El vecindario estaba completamente vacío. Eran las tres de la madrugada con doce cuando Carlos consultó su reloj, en ese momento la casa de la vieja quedó al alcance de su vista. A lo lejos se escuchaba el lejano ladrido de un perro. Avanzarón cincuenta metros mas hasta llegar a la puerta que daba al patio de la casa de la vieja. Con la agilidad de un atleta olímpico Carlos brincó la puerta, Ramón lo siguió en una perfecta imitación del movimiento. El aterrizaje al otro lado fue silencioso, apoyando primero las puntas de los pies y bajando los talones inmediatamente. El sonido que hicieron al caer era semejante al de una pelota de tenis que se deja caer sobre la arcilla, atraída unicamente por la fuerza de gravedad. Se encontraban en un pasillo de aproximadamente tres metros de largo. Al fondo del patio pudieron observar, tres repisas de madera, como las que se utilizan en las tiendas de abarrotes, pero esta mercancía los observaba con sus ojos brillantes. Algunos de los felinos abandonaron la repisa y se alejaron de la casa, trepando por los tejados. Los que se quedaron simplemente los miraban sin intentar movimiento alguno. Caminaron hasta llegar a la ventana. No podían perder tiempo, habían estimado que tardarían entre cinco y siete minutos después de quebrar la ventana, diez minutos a lo más, si es que la vieja mostraba una resistencia significativa. El tiempo serìa suficiente aun cuando algun vecino entrometido decidiera ponerse los calzones y llamar a la poli.

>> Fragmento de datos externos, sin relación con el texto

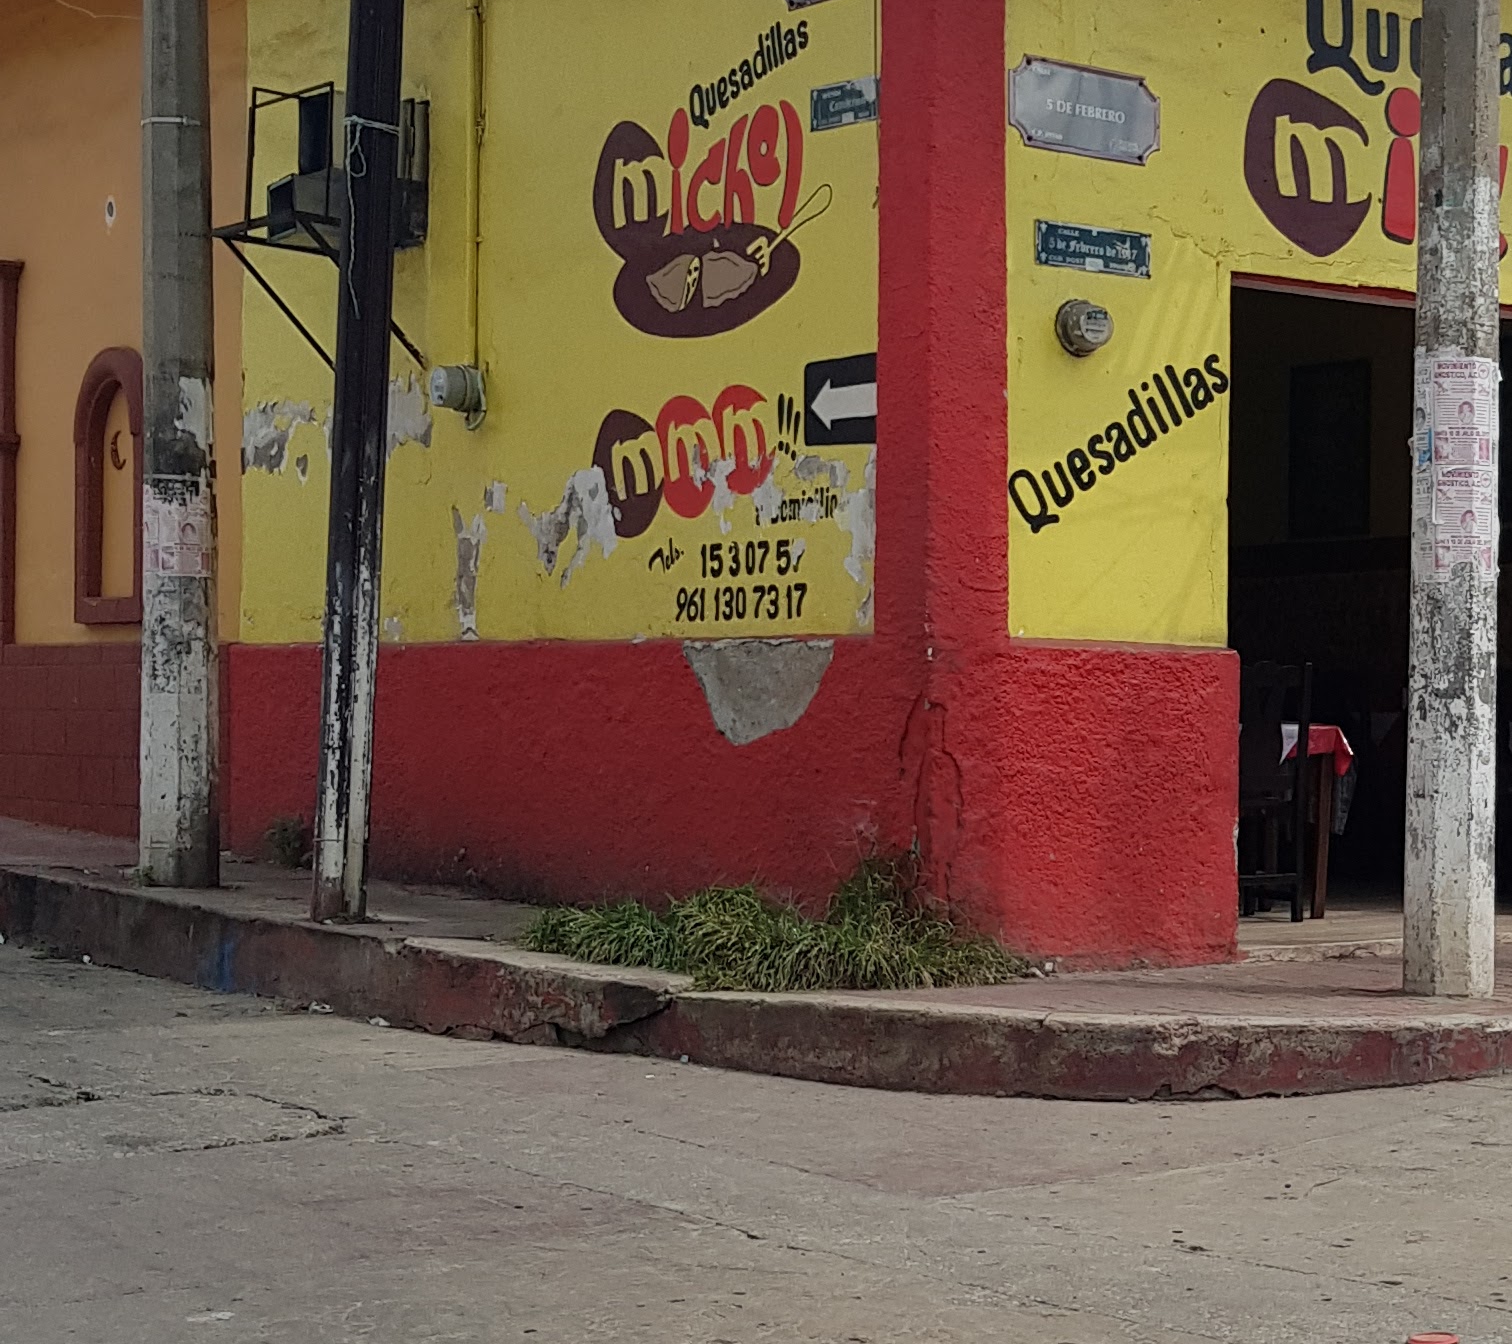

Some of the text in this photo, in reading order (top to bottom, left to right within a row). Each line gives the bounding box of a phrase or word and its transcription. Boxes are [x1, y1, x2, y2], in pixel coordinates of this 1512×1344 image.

Ramón golpeó la ventana sin reja del patio con el tubo, el cristal cedió facilmente, talló el tubo contra la parte inferior de la ventana varias veces para eliminar los residuos de cristal que pudieran dañar las manos y se introdujeron por el orificio de la ventana.
--¡Maldición!— dijó Carlos en voz baja, pero preocupado.
Se suponía que la vieja estarìa acostada en la habitación para ser atada y amordazada. Pero la vieja simplemente no estaba ahì. Carlos pensó que podría estar esperándolos en la oscuridad cun un cuchillo en la mano o hasta con la plancha lista para golpearlos en la cabeza.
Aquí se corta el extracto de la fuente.